A House subcommittee may confront President Reagan on a question of secrecy this week by pressing for publication of CIA documents on the extent of Arab investments in the United States.
Reagan has formally refused to permit disclosure of the studies on the grounds that their release "would be likely to cause grave injury to our foreign relations or would compromise sources and methods of intelligence gathering."
Rep. Benjamin S. Rosenthal (D-N.Y.), the subcommittee chairman, fired back last week by introducing a resolution calling on the House to overrule Reagan and authorize publication with only a few deletions to protect "specific intelligence sources and methods."
Rosenthal and his aides contend that the degree of secrecy the administration has insisted upon is "ludicrous." They say most of the documents consist of analytical studies similar to those regularly published by private institutions such as the Chase Manhattan Bank.
The dispute, if it reaches the floor, would constitute the first such showdown since 1976, when the House sided with the Ford administration and voted to suppress its own Intelligence Committee's controversial and heavily leaked report on misdeeds of the CIA.

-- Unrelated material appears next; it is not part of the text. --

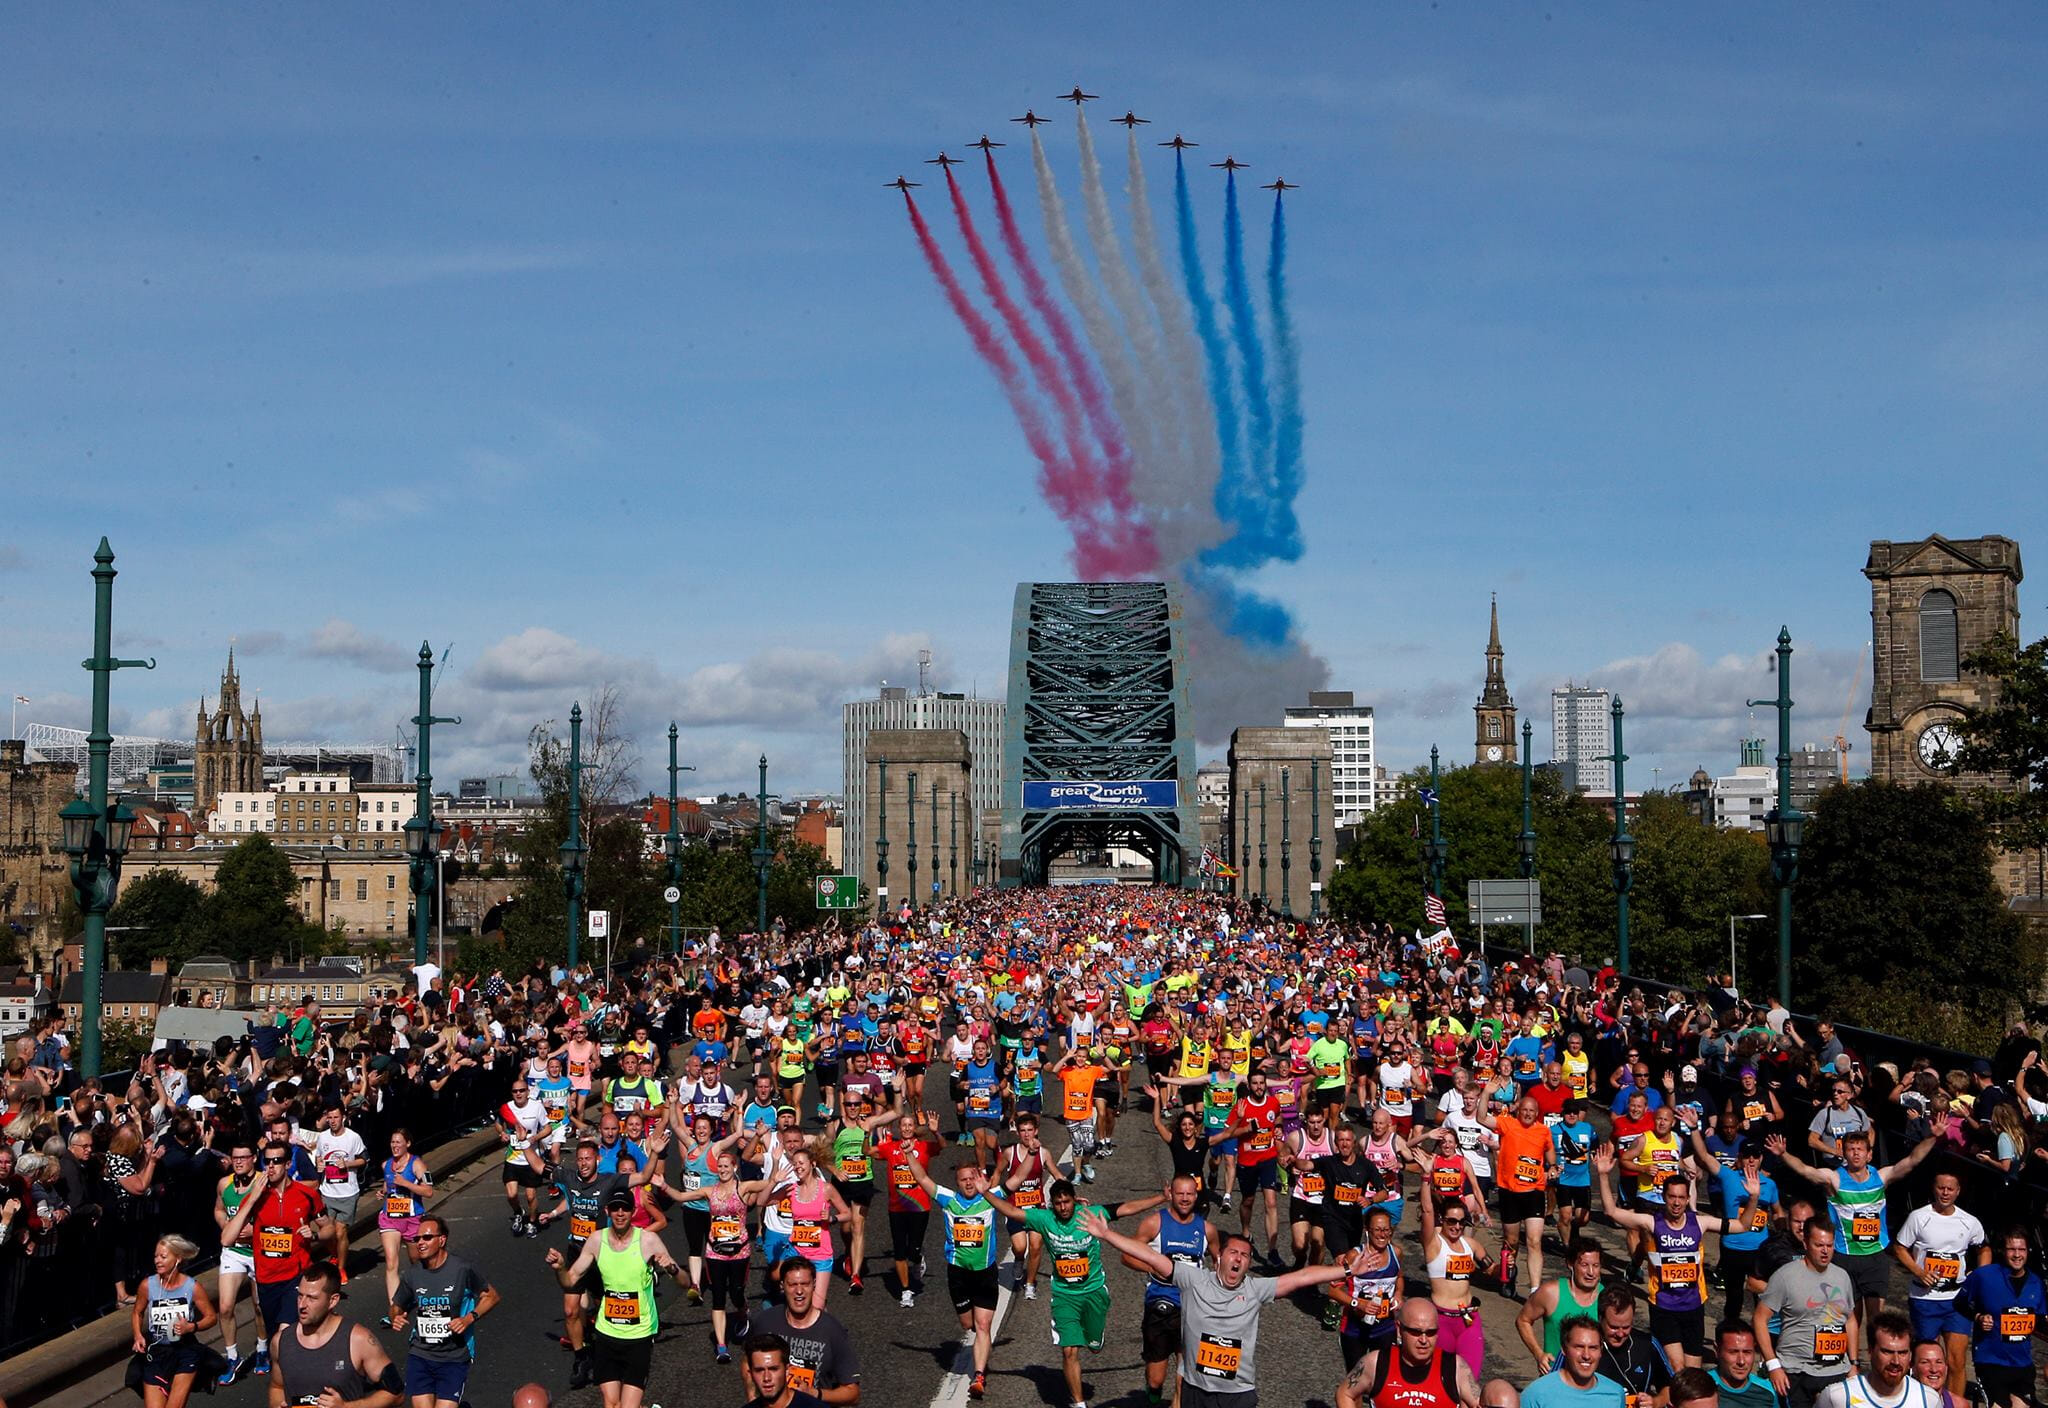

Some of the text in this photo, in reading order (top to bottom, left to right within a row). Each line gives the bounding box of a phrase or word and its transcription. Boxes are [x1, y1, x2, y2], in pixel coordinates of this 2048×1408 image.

Rosenthal hopes to win the first test in his Government Operations subcommittee on monetary affairs, possibly on Thursday. "I think it's going to be a very, very close vote," he said. "But I think thoughtful members will vote to sustain our position."
At issue are 17 studies, dating back to 1974, with titles such as "Problems With Growing Arab Wealth" and "Kuwait: Awash With Oil Money."
Three of the reports, including a 1980 article entitled "OPEC: Official Foreign Assets Mount Rapidly," have been completely suppressed by the CIA so far.
Rosenthal contends that the CIA studies are especially important because they "shed light on subjects often shrouded in mystery," such as "the potential for increasing OPEC government influence in the United States."
The State and Treasury departments, by contrast, have repeatedly asserted "that there is no basis for concern in the recycling of petrodollars" in this country.
Rosenthal's subcommittee has been studying the foreign investment issue for two years. Official estimates have put total foreign investment in the United States at about $65 billion by the end of 1980, but expert witnesses have told the subcommittee that holdings by Saudi Arabia, Kuwait and other Arab members of the Organization of Petroleum Exporting Countries could themselves be two to three times greater, between $150 and $200 billion.
According to Rosenthal, U.S. policy toward OPEC investment, almost all of it tax-free, was shaped by a decision in 1974 by Treasury Secretary William E. Simon to offer Saudi Arabia, Kuwait, and other Arab OPEC nations "a pledge of secrecy in exchange for their commitment to make large investments in the United States."
In any case, Treasury and State documents obtained by the subcommittee reflect a distaste for financial disclosure on the part of unnamed Middle Eastern governments and a ready deference on the part of U.S. officials.
For instance, one report printed by the subcommittee, evidently a Treasury Department document about "(deleted)" Saudi assets in the United States and foreign branches of U.S. banks, was clearly stamped "SECRET." Such a classification constitutes an assertion that unauthorized disclosure of such details "reasonably could be expected to cause serious damage to the national security."
Subcommittee counsel Stephen R. McSpadden said that when the inquiry started in 1979 the CIA wanted "complete veto power" over what CIA documents the subcommittee could publish, but the agency eventually settled for the same kind of agreement it uses with House and Senate intelligence committees.
Under that arrangement, CIA Director William J. Casey agreed last September to arrange for declassification review of the 17 documents in question, but the review was not completed until mid-January.
Unhappy with what he calls "excessively arbitrary" deletions, Rosenthal protested first to Casey and then, as the agreement provided, to the president.
In a Feb. 9 letter to Reagan, Rosenthal noted that the subcommittee had already reluctantly agreed not to insist on "country-by-country" breakdowns on OPEC investments in the United States. He agreed that some further deletions were needed to protect sources, but he argued that the CIA was going much further and trying "to prevent public disclosure of important but nonsensitive CIA research and prognostications . . .about OPEC surpluses and investments."
The New York Democrat said the CIA reports constitute "the best analysis within the federal government on the critical public policy issues" involved, in contrast to the benign views taken by State and Treasury.
"Without the CIA documents, the public will get a distorted and one-sided Executive Branch view of the nature, extent and impact of such investment," Rosenthal said.
Reagan replied Feb. 17 with a two-page letter affirming the CIA's stand. He said he had also concluded that the likely damage "outweighs any public interest served by disclosure."
Rosenthal said he was "disappointed" but not surprised by the president's response. As provided in the agreement with the CIA, the subcommittee chairman filed his resolution Wednesday seeking "leave of the House" to publish the reports anyway.
Subcommittee staffers, meanwhile, prepared a six-page summary of the documents at issue to circulate to members in preparation for Thursday's meeting. The CIA stamped it "SECRET."